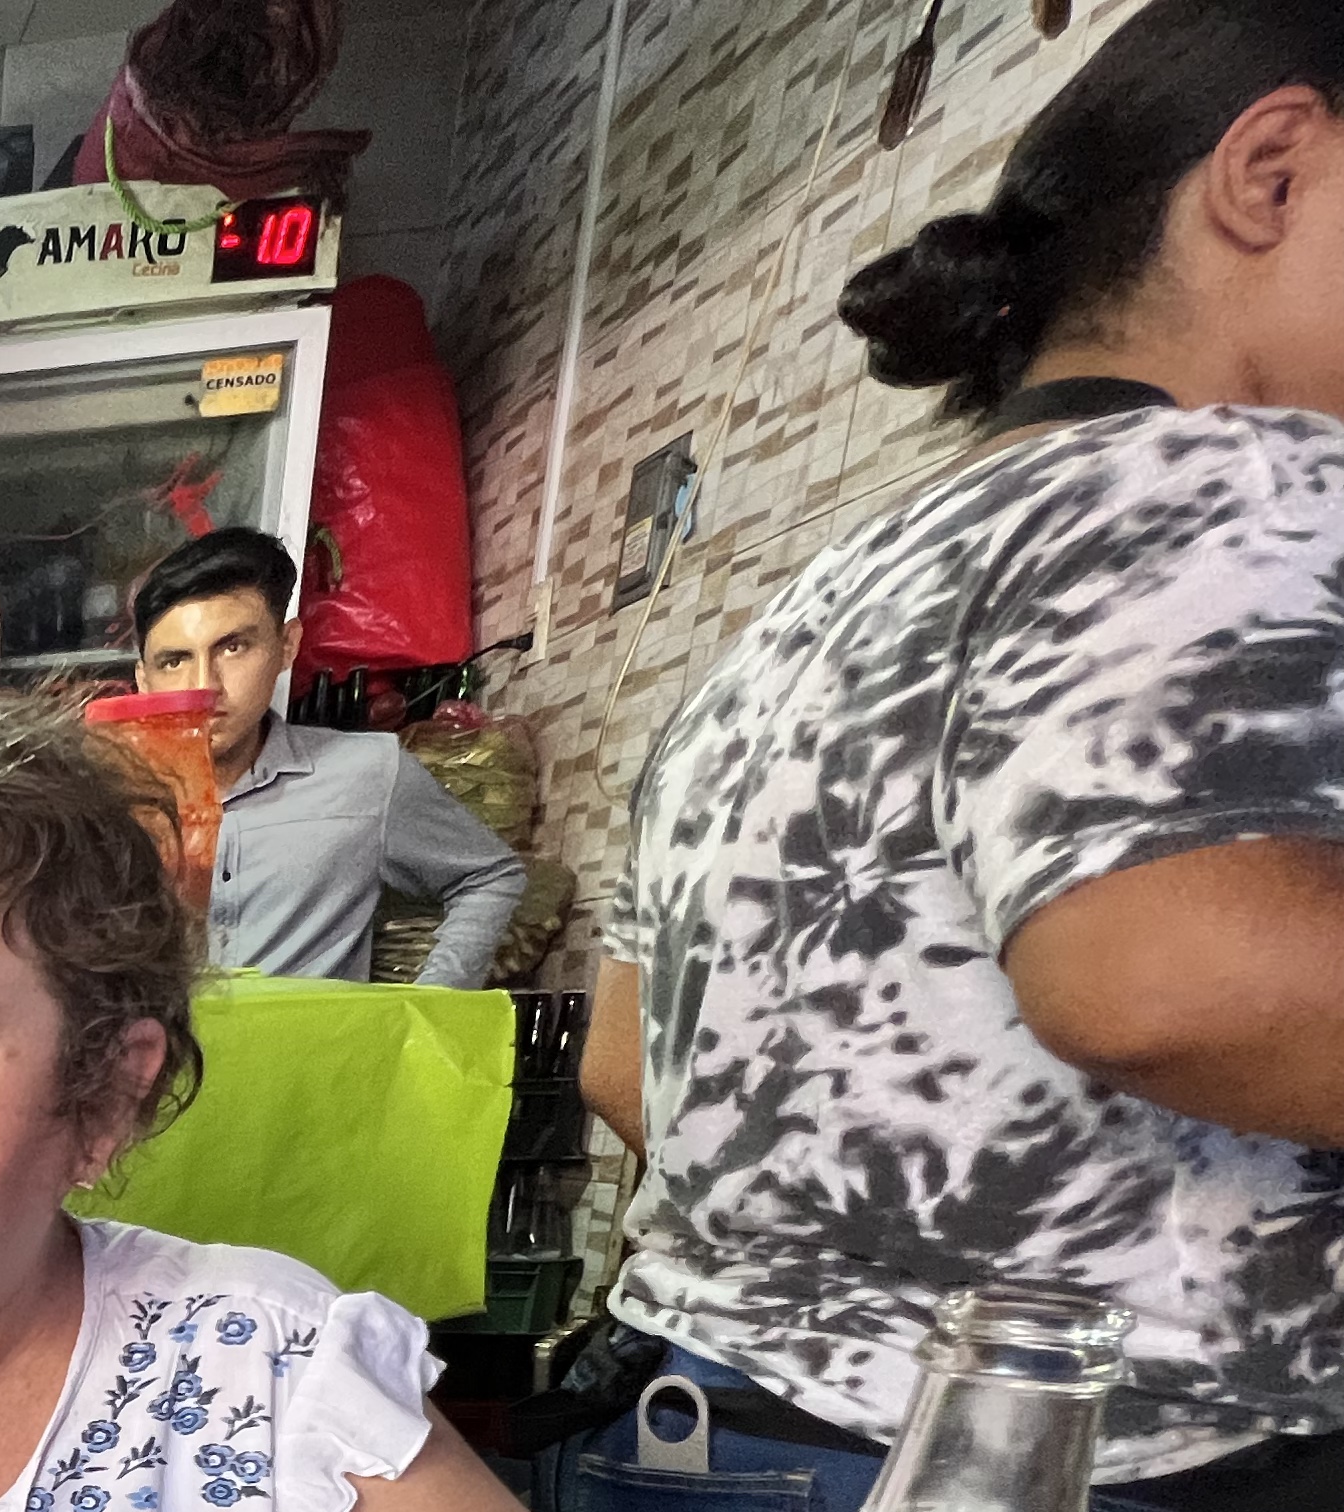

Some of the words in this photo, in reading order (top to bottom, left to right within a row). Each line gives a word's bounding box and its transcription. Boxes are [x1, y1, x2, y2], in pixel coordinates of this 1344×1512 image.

[37, 219, 187, 265] AMARO
[132, 261, 180, 277] Cecina
[206, 373, 276, 390] CENSADO
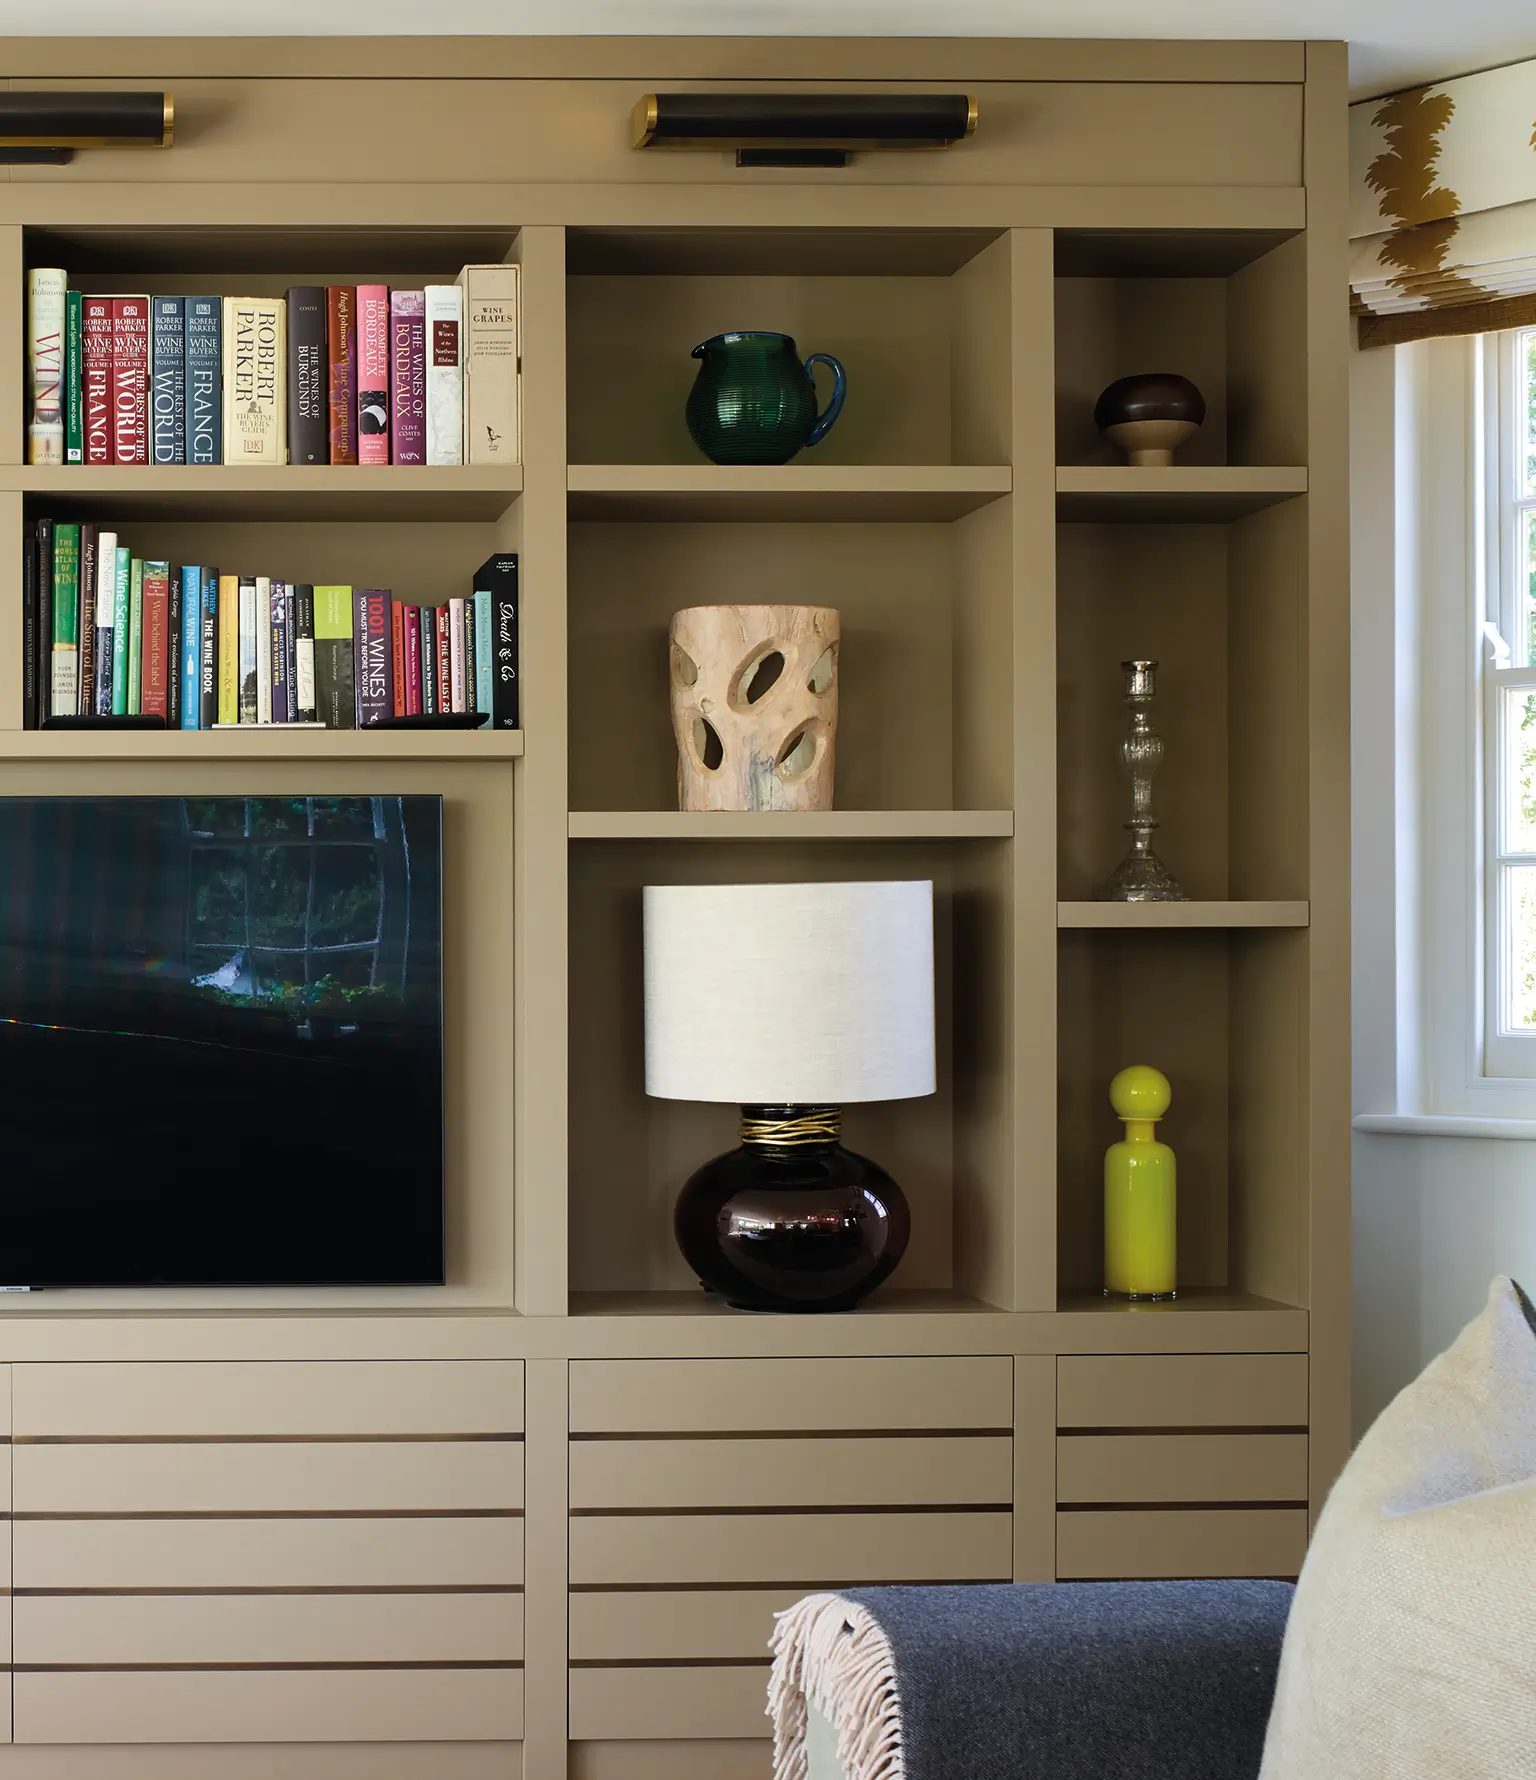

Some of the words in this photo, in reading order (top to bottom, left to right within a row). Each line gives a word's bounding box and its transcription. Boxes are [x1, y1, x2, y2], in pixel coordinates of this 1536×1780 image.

● **Task description**: Please repeat every record above exactly, but leave out the pictures.

● **Expected answer**:
Some of the words in this photo, in reading order (top to bottom, left to right within a row). Each line gives a word's bounding box and its transcription. Boxes are [x1, y1, x2, y2], in pixel coordinates of this 1344×1512 image.

[37, 219, 187, 265] AMARO
[132, 261, 180, 277] Cecina
[206, 373, 276, 390] CENSADO

Some of the words in this photo, in reading order (top to bottom, left to right within a row). Each line gives a word's bounding box and its transcription. Boxes are [x1, y1, x2, y2], in pixel coordinates of this 1536×1780 image.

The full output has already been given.